In some situations, it's been suggested that students be offered financial incentives in return for improved performance. The researchers' results, however, suggest that incentivizing results will not improve performance, or that any gains that do occur will eliminate the breach between rich and poor students.

Again, when study participants completed the cognitive tests while considering the "easy" scenario, there was no significant difference based on income. Put another way, neither the poor nor the rich participants were inherently better or worse at the tasks, but it was consideration of monetary hardships that appeared to sap their cognitive abilities.

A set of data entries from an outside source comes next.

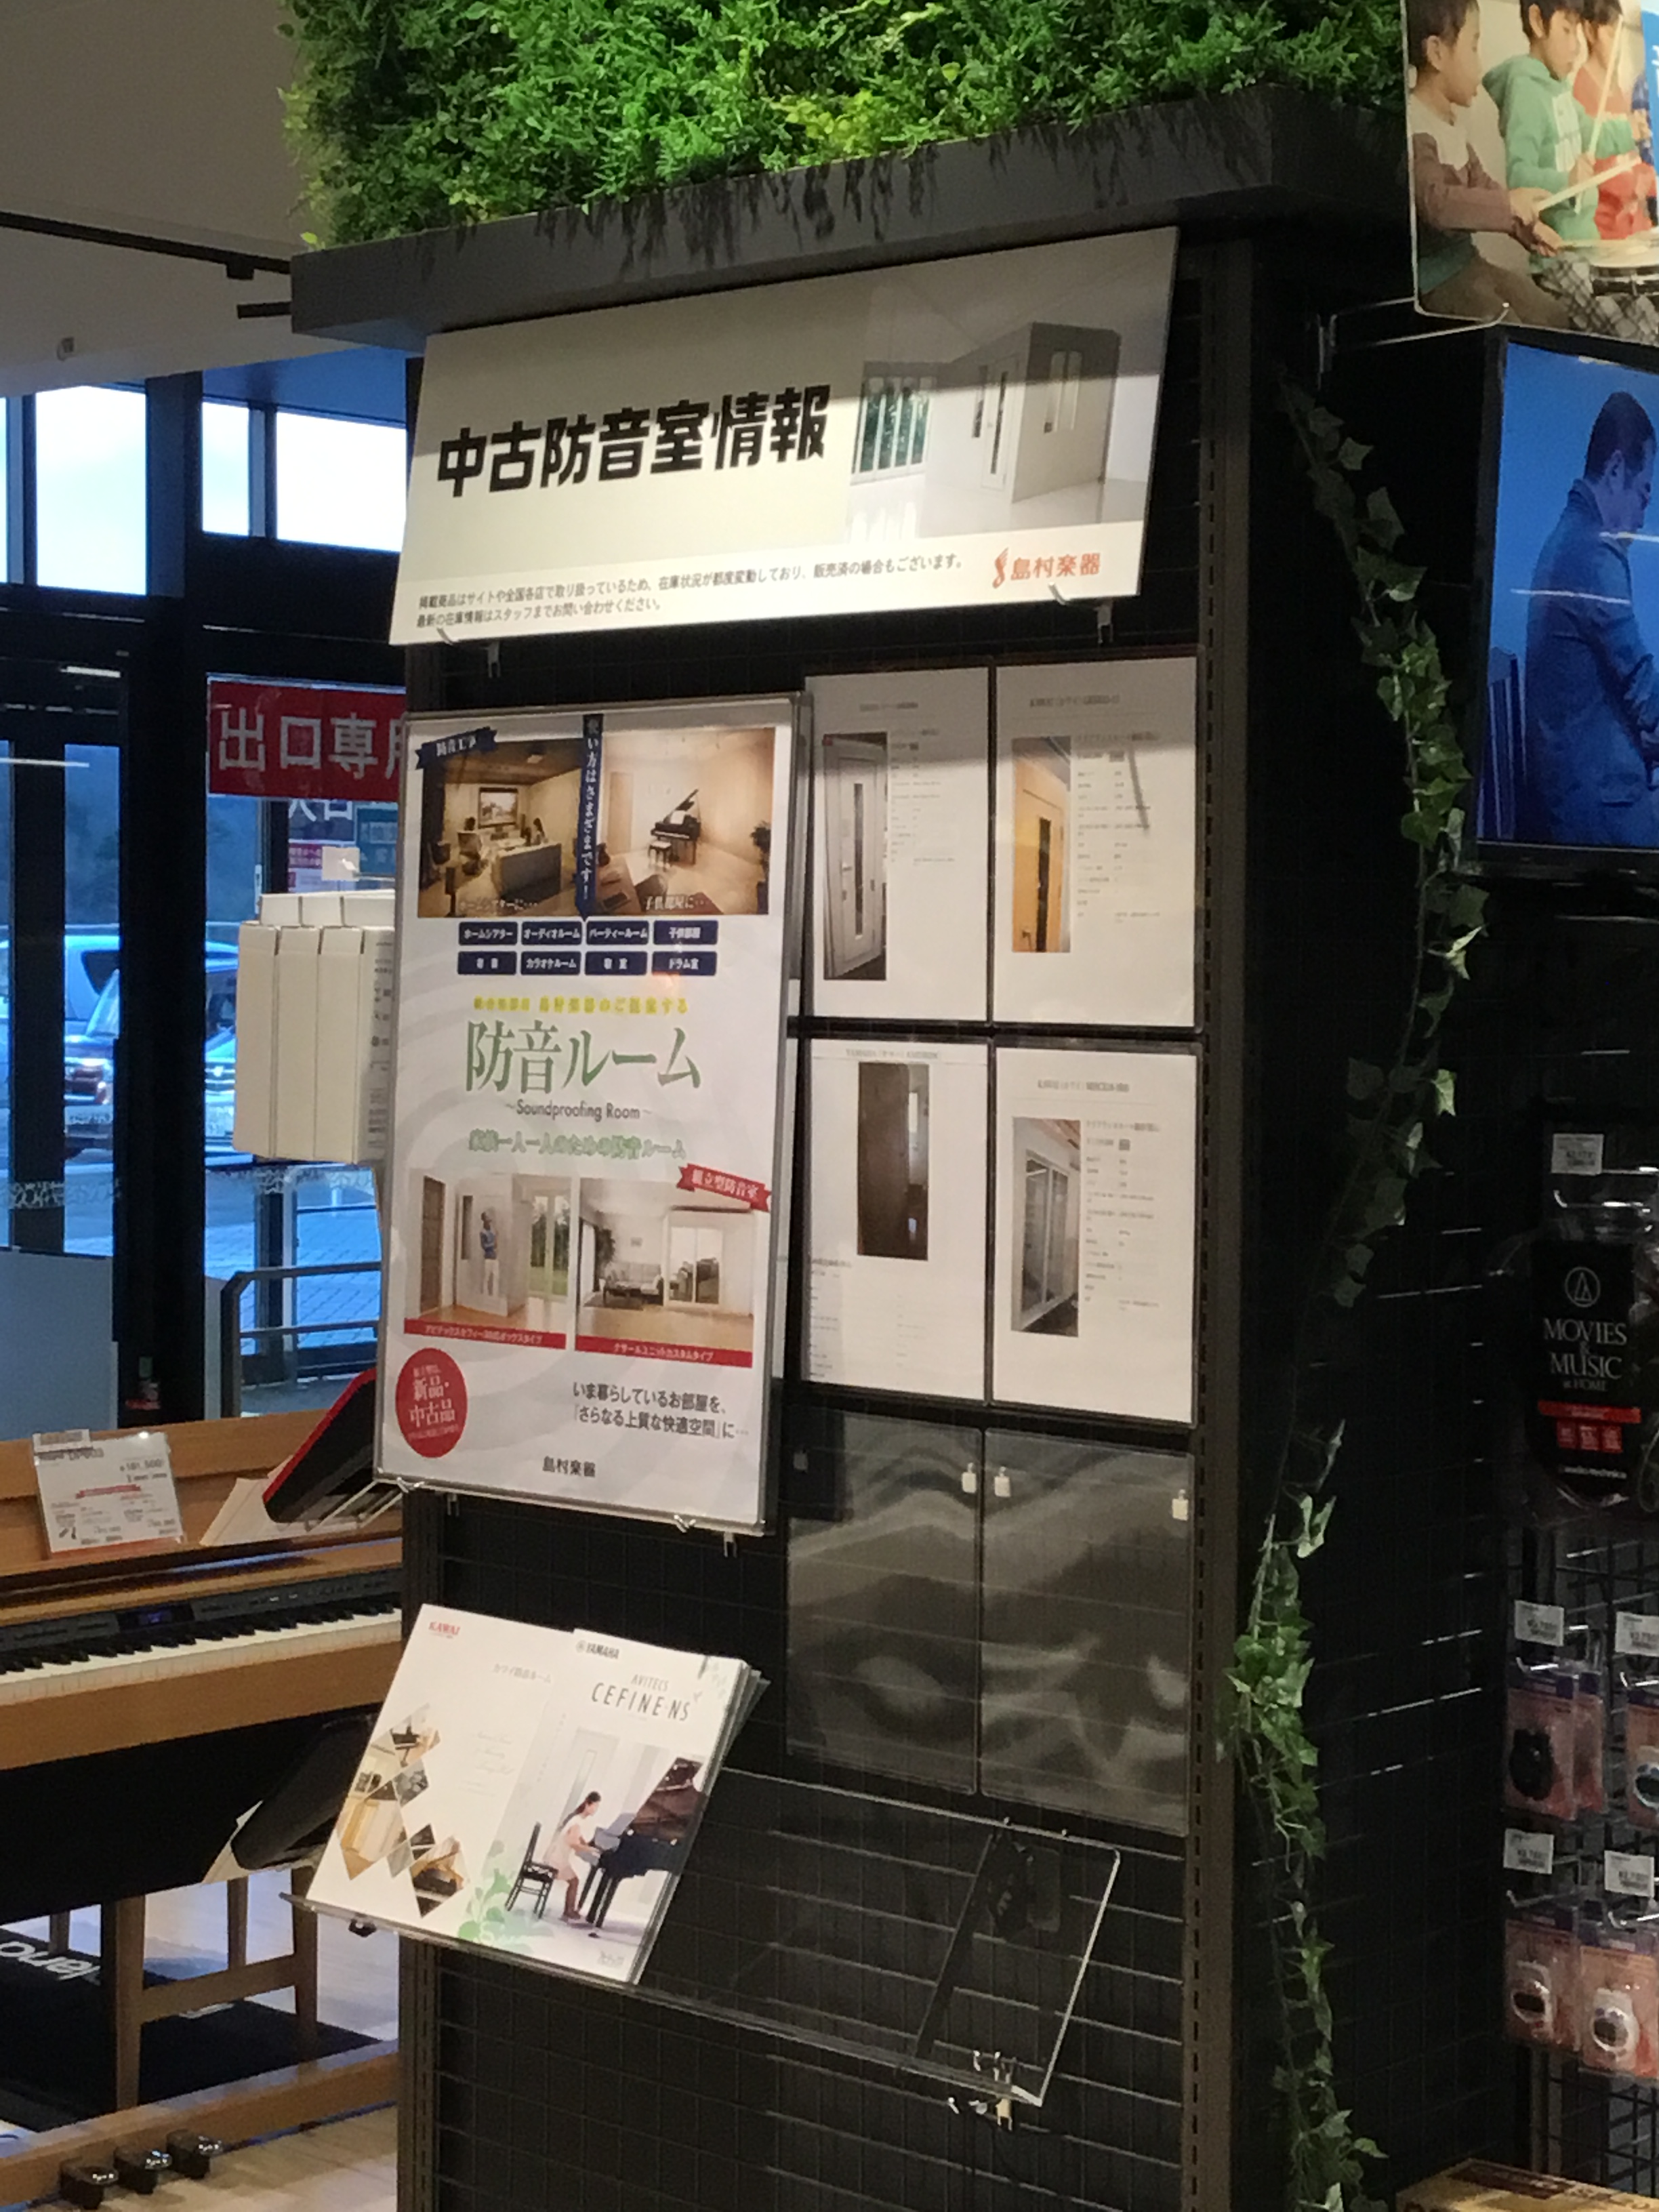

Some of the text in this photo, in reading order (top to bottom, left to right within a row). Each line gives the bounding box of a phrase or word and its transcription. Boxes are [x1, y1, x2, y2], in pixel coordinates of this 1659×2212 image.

[436, 384, 831, 497] 中古防音室情報
[1010, 552, 1100, 580] 島村楽器
[523, 928, 581, 939] オーディオルーム
[466, 1019, 701, 1094] 防音ルーム
[1543, 1317, 1628, 1346] MOVIES
[1550, 1352, 1622, 1380] MUSIC
[573, 1381, 726, 1414] いま暮らしているお部屋を、
[409, 1398, 455, 1428] 中古品
[542, 1456, 596, 1478] 島村楽器
[428, 1622, 461, 1636] KAWAI
[586, 1642, 620, 1660] YAMAHA
[631, 1673, 670, 1692] AVITECS

Taking things out of the lab, the researchers turned to sugarcane farmers in India, and asked them to perform similar cognitive tasks prior to and following their annual harvests. Traditionally, during the pre-harvest period, farmers must take out loans, pawn their belongings, and take other measures to make ends meet. Post-harvest, though, they experience a substantial influx of cash that eliminates the need for these larger measures.

Not surprisingly, when farmers didn't need to worry about their economic state, their response times and errors in the researchers' cognitive tests dropped significantly while their accuracy in answering rose significantly.

Not having to worry about money, it seems, means an increased ability to handle a larger cognitive load.

Assuming these variables create a similar effect when applied to students in the classroom who are also living in poverty, this study raises some important questions for educators.

How might we change our practices with this knowledge? What actions might we take to acknowledge the importance of financial security for the families we serve?

Perhaps extending the school day for poor students who struggle academically might not be as helpful a measure as coordinating a financial advisor, local career coach, and continuing education opportunities for parents so that they might better secure the financial outlook of our students.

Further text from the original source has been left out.